UPDATE: Thanks to Clare who alerted me and now you to the new UNICEF report saying the NHS in the UK could save millions if women would breastfeed more.  Yes it’s the UK version of The Burden of Suboptimal Breastfeeding.  I said that study would haunt me. 

Anyhow, in some ways the UK report appears more nuanced, like talking baby deaths for only a few illnesses but unforunately, one of them is SIDS and the link is very tentative. Also the report specifies “cognitive ability” – meaning intelligence.  I cannot even begin to critique that ridiculous evidence here.  I refuse.  Not worth my time or yours.  Consider this report Reason #527 that empirical evidence of benefits must be addressed here and abroad in a more critical manner. 

6 Comments

  1. Maybe they are saying some LCs can't even stand to be in the presence of formula and therefore would not assist a mom who has tainted her child with poison which would naturally hinder the support the mom could have received.

  2. I think it means (that the fear is) the formula sample will be there for you at 2 am when your support system (LCs and whatnot) will not, and can't tell you STOP IN THE NAME OF SUPPLY AND INTESTINAL MICROORGANISMS! (BTW I'm not trying to make fun of LCs, they are great, just making fun of the NYT article). That is the only scenario I could think up that would make sense at all because you are right, how can a freebie weaken laws that mandate employers give workers adequate break time to pump, etc.
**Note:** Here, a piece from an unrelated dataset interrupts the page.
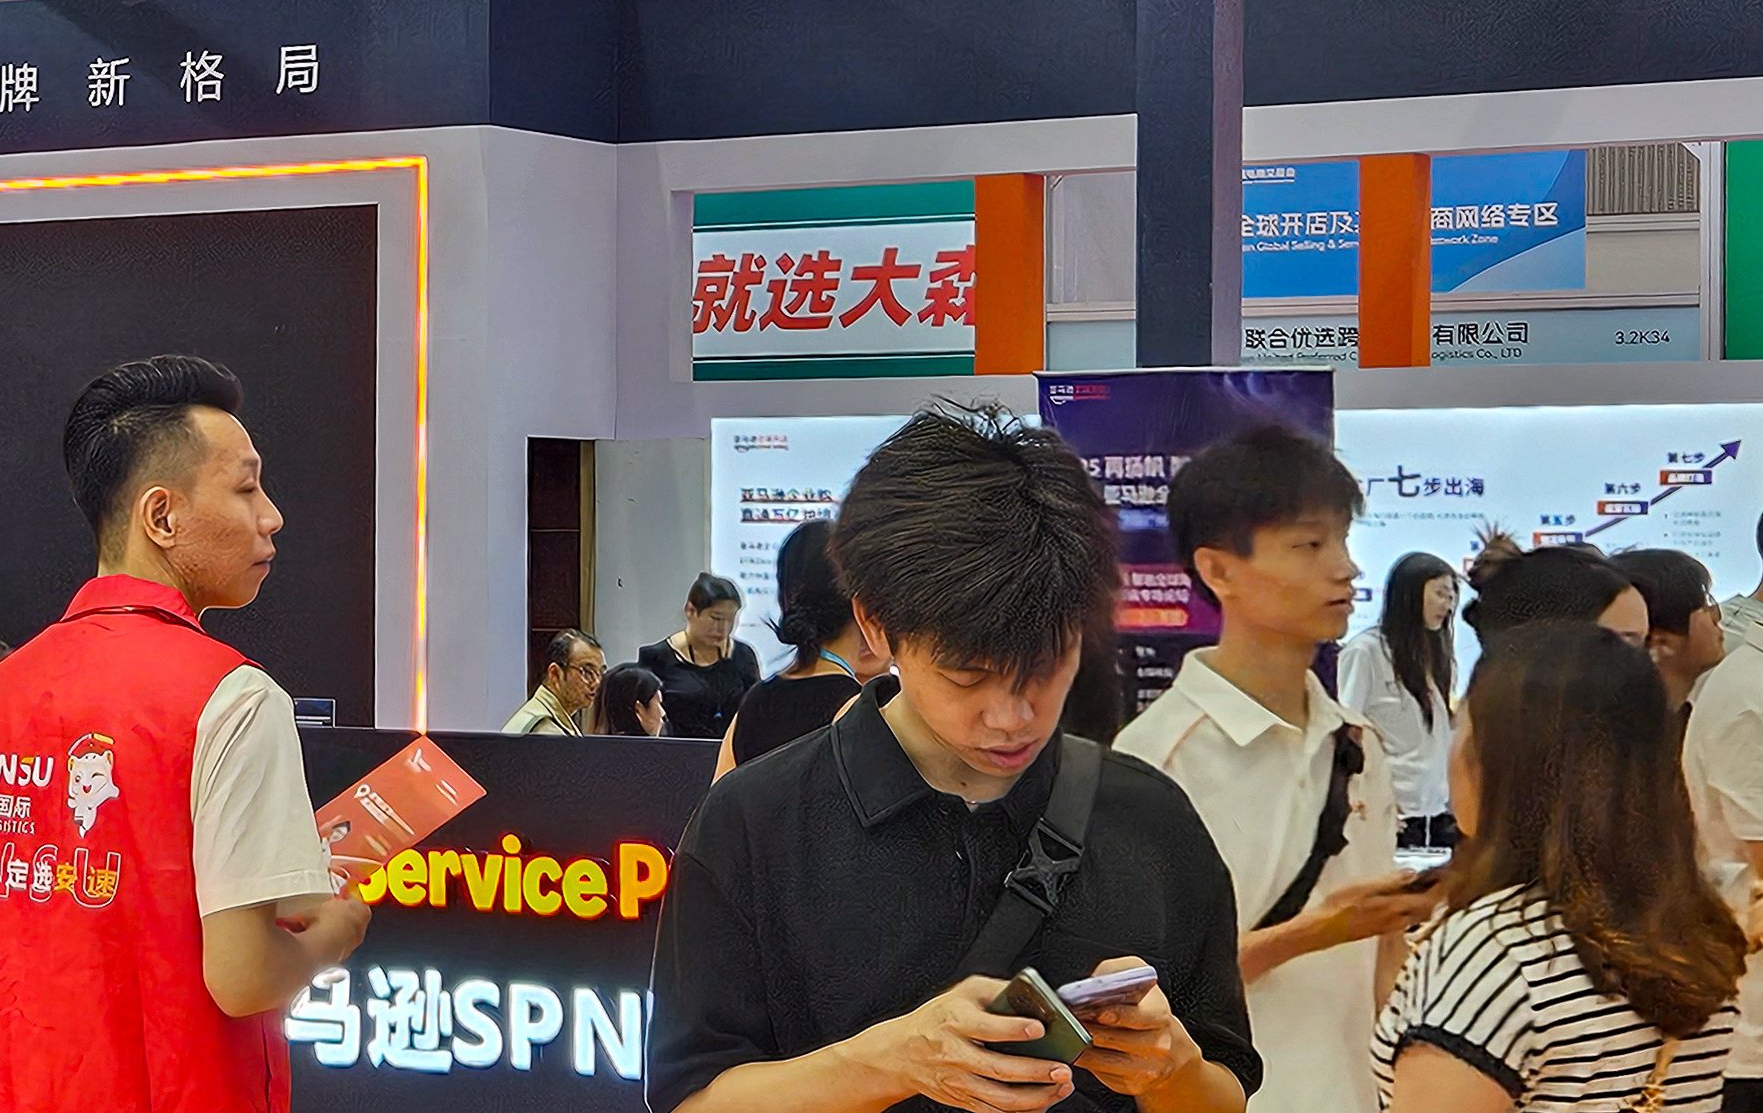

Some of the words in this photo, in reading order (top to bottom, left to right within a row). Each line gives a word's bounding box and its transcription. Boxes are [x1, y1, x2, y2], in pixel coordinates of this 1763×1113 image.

    Or, if breastfeeding is a super power, as I've seen touted on posters and bumper stickers, then perhaps formula in free sample form works like kryptonite…

    Rusty Shackleford
  3. "Today's lop-sided, tone deaf public health lecture (not a debate or even a discussion) is what happens when we think only of the physical or health aspects of breastfeeding. It's what happens when we obsess about physical health and forget the woman attached to the breast, the mom, her mind, her beliefs, opinions, emotions and her destructive, defeatist thinking."

    I cannot begin to tell you how much I love this. I have to go post it everywhere. 😉

    I talked a bit about that UNICEF study in my post today. From what I can see (and I read all 104 pages, sadly, while I could have been throwing a ball with our neglected puppy or working out on the abandoned elliptical machine), it is far more palatable in tone than our beloved BOSB piece. But I'm not sure it tells us much of anything. They used the same economic equation to calculate their costs, and often the studies used were limited to one or two. I'd love to hear your thoughts on it….

  4. Puppy? Okay now my kids are the only ones without a dog….me allergic, hubby allergic, son allergic…maybe not enough breast milk?

    Honestly, why can't we ever talk about the empirical evidence?? Or the mom? Am heading over to your blog. I skimmed through the report quickly and my impression meshes with yours. Cannot wait to take a closer look, but am I reading right that for some outcomes they used a single study? Ridiculous.